The Jeffersonian: Politicks, Sports, and Culture

Wednesday, March 29, 2006

Election Shenanigans

The Express-News has a write-up today about what constitutes as standard election practice down in Duval County:

Allegations of voter fraud have resurfaced in Duval County, where records show one of every two voters who cast a ballot in this month's Democratic primary did so away from the polls.

Longtime County Clerk Oscar Garcia Jr. said the number of mail-in ballots in the primary was unusually high, considering that more than half the 5,641 votes cast were done so by absentee voting.

That's 2,958 ballots sent via mail, more than all the early voting in the county's 2004 primary.
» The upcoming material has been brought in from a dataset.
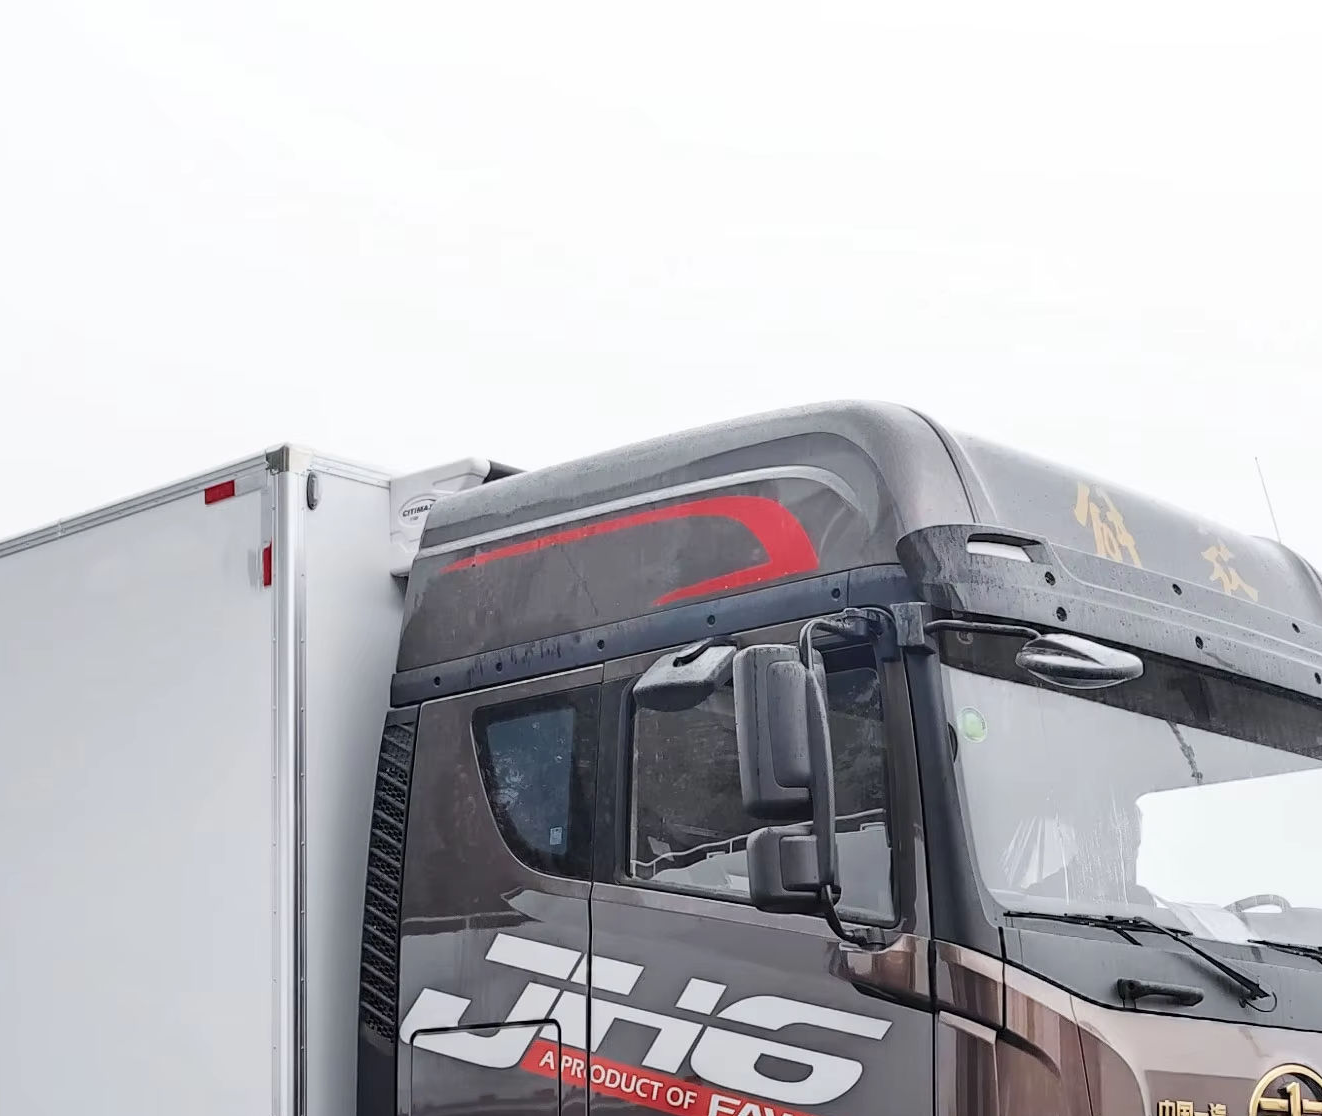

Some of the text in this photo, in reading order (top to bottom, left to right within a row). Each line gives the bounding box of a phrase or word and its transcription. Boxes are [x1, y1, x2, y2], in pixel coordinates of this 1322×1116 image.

[399, 932, 893, 1106] JH6
[538, 1050, 555, 1070] A
[560, 1056, 664, 1102] PRODUCT
[665, 1086, 698, 1111] OF
Then, the number of early votes cast both in person and by mail totaled 2,864.

As a result, voter turnout this March in Duval County was among the best in Texas, with 57 percent of the registered voters participating in an election that drew little interest statewide. Texas averaged a paltry 8 percent turnout for this year's Democratic primary.

57%- look at those local Duvallians(?) doing their due diligence. Yeah, not really. Of course, when Duval county actually brings in more mail ballots than Bexar County does, then you know something's fishy. The reality is, if you want to commit voter fraud, mail-in ballots are the way to do it.
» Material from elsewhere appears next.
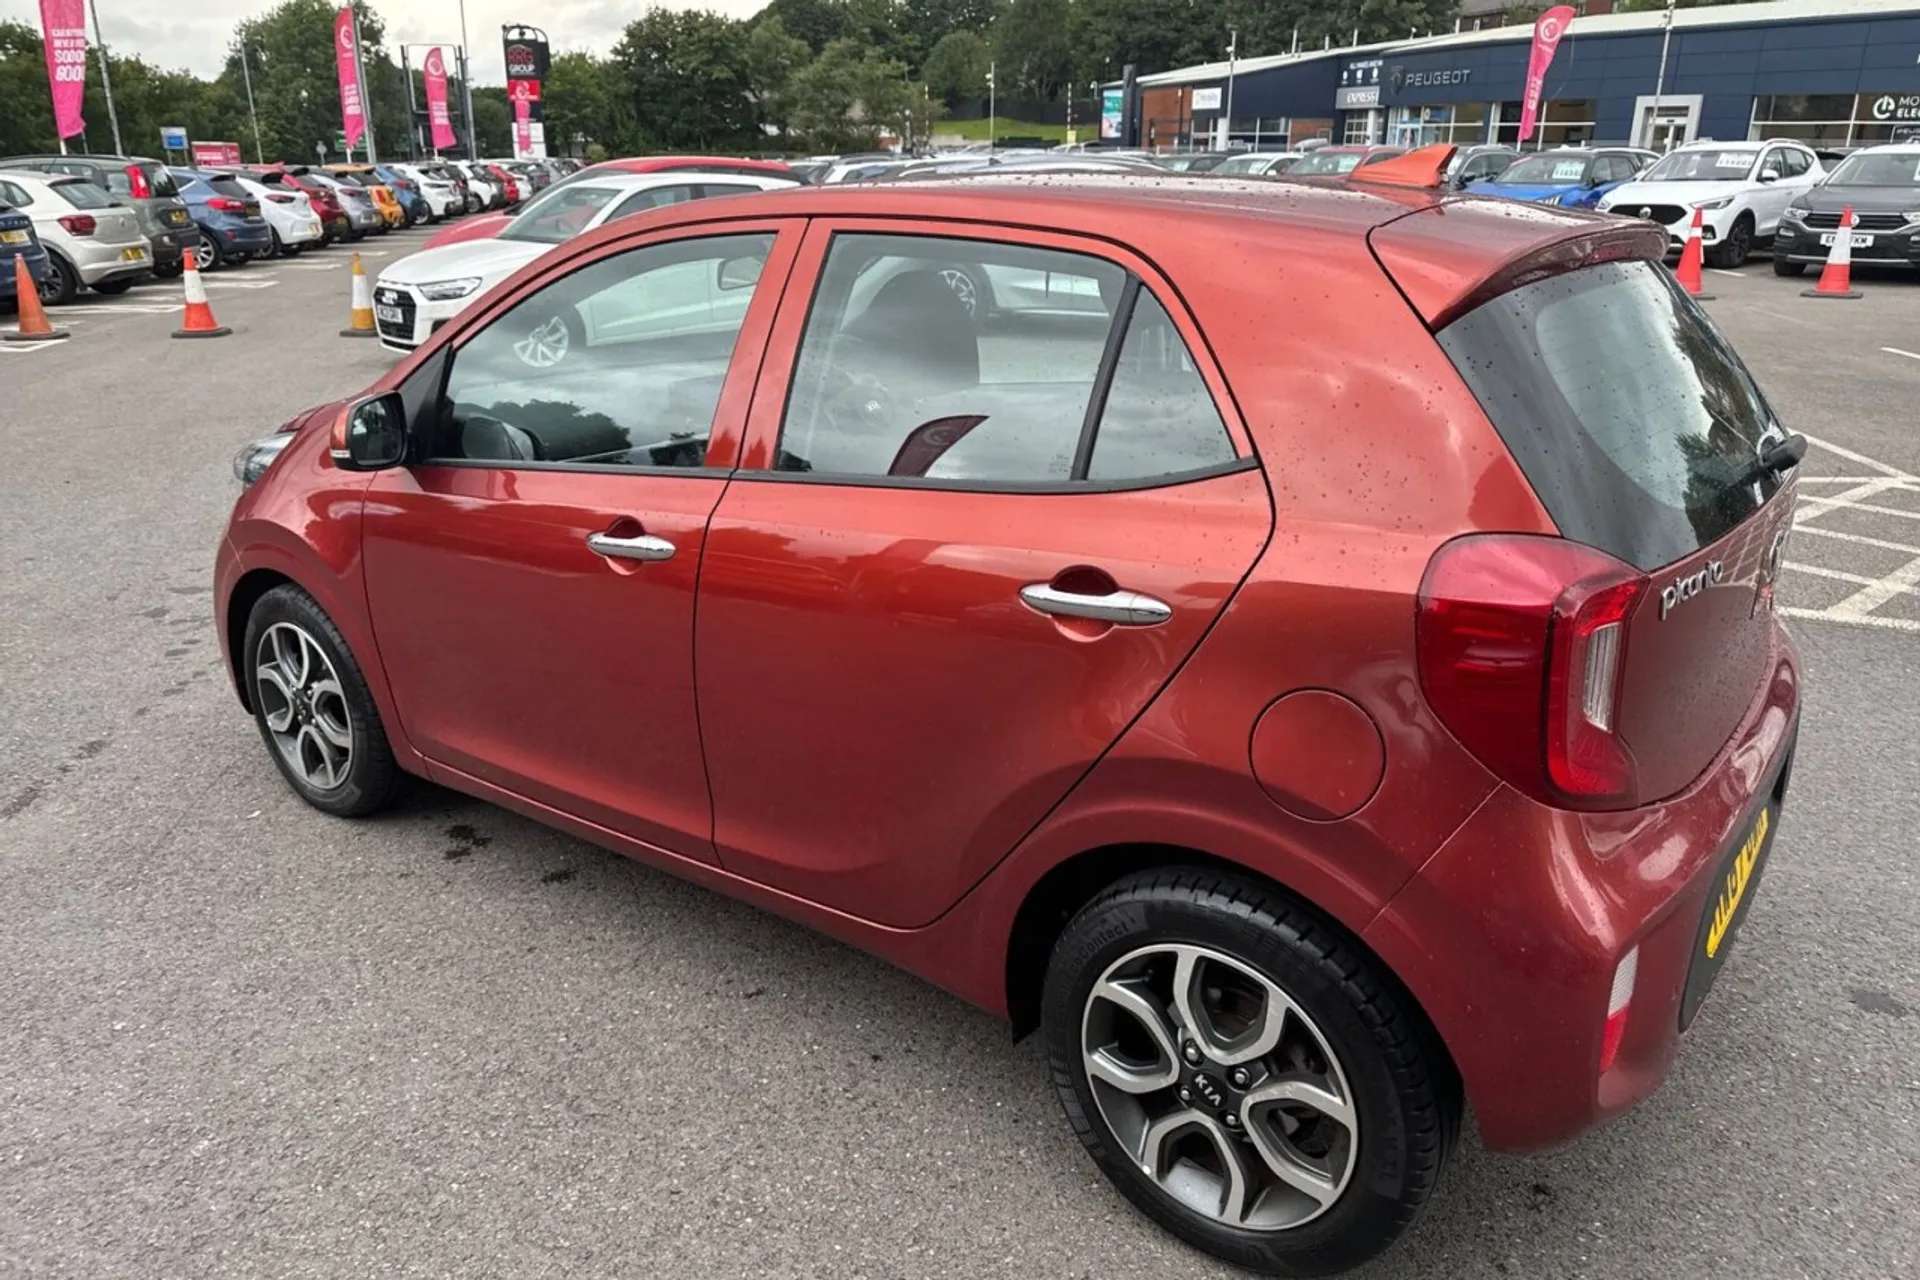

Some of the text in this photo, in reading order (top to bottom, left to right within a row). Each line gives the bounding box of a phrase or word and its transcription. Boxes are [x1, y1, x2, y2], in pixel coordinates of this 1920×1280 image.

[1404, 69, 1471, 87] PEUGEOT
[1661, 559, 1723, 621] picanto
[1194, 1073, 1222, 1107] KIA
For those of you who have no idea how the mail-in ballot process works here's a short overview:

  1. Someone disabled, over the age of 65, or who will not be in town for early voting and election day is eligible to vote by mail.
  2. You can then request a vote-by-mail application, basically proving that you meet one of these three criteria.
  3. If it all checks out- and really, most county election officials won't go out of their way to check up on you- then you'll receive a ballot through the mail.
  4. You send it in and make sure it gets to the election office by five or so on election day, and you've just voted by mail!

The safeguards to protect the electorate from voter fraud in this area are practically nonexistent. And something really needs to be done about that.

The passage that I find most indicting though is the quote from Duval County's Democratic Party Chair:

Alicia G. Saenz, Democratic party chairwoman for Duval County, said she's not surprised with the county's voter turnout. This year's race featured two prominent local races, for county judge and county treasurer. But Saenz said she was surprised with the number of mail-in ballots.

57% showing up for a party primary is unheard of. I don't care how appealing and hardfought a group of campaigns are. Looks like the "Democrats are the party of good government" meme hasn't made its way down to Duval County just yet.